- [Listed entries]:
BEGIN

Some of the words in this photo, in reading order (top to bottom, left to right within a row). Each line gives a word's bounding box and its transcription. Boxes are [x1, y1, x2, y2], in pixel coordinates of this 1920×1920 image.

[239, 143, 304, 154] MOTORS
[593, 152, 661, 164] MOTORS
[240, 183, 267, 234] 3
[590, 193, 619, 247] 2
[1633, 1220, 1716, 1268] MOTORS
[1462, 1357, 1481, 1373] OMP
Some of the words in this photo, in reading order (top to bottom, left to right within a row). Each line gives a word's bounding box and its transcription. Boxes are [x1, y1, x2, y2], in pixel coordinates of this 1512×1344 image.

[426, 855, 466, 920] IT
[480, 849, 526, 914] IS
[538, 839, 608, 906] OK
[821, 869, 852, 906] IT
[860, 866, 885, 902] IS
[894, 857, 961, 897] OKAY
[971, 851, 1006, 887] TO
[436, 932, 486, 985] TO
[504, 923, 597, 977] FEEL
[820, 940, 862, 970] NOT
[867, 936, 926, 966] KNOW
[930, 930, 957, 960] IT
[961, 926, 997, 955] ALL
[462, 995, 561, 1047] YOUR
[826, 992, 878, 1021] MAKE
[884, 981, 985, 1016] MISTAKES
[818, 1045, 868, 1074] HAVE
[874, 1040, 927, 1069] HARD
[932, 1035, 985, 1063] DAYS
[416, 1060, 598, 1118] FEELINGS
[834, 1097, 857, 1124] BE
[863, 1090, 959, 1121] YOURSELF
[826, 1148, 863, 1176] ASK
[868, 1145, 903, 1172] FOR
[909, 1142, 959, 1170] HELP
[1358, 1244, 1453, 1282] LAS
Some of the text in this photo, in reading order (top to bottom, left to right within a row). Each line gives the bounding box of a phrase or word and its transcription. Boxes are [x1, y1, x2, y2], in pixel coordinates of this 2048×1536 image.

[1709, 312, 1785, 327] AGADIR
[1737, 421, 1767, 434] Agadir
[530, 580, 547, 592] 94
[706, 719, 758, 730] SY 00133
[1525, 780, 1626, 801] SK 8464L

END

- [What is expected]:
Lines from the one containing "this 1512×1344 image." through the end of the entries above must be copied exactly; include both ends and no other lines.

- [Answer to the exercise]:
Some of the words in this photo, in reading order (top to bottom, left to right within a row). Each line gives a word's bounding box and its transcription. Boxes are [x1, y1, x2, y2], in pixel coordinates of this 1512×1344 image.

[426, 855, 466, 920] IT
[480, 849, 526, 914] IS
[538, 839, 608, 906] OK
[821, 869, 852, 906] IT
[860, 866, 885, 902] IS
[894, 857, 961, 897] OKAY
[971, 851, 1006, 887] TO
[436, 932, 486, 985] TO
[504, 923, 597, 977] FEEL
[820, 940, 862, 970] NOT
[867, 936, 926, 966] KNOW
[930, 930, 957, 960] IT
[961, 926, 997, 955] ALL
[462, 995, 561, 1047] YOUR
[826, 992, 878, 1021] MAKE
[884, 981, 985, 1016] MISTAKES
[818, 1045, 868, 1074] HAVE
[874, 1040, 927, 1069] HARD
[932, 1035, 985, 1063] DAYS
[416, 1060, 598, 1118] FEELINGS
[834, 1097, 857, 1124] BE
[863, 1090, 959, 1121] YOURSELF
[826, 1148, 863, 1176] ASK
[868, 1145, 903, 1172] FOR
[909, 1142, 959, 1170] HELP
[1358, 1244, 1453, 1282] LAS
Some of the text in this photo, in reading order (top to bottom, left to right within a row). Each line gives the bounding box of a phrase or word and its transcription. Boxes are [x1, y1, x2, y2], in pixel coordinates of this 2048×1536 image.

[1709, 312, 1785, 327] AGADIR
[1737, 421, 1767, 434] Agadir
[530, 580, 547, 592] 94
[706, 719, 758, 730] SY 00133
[1525, 780, 1626, 801] SK 8464L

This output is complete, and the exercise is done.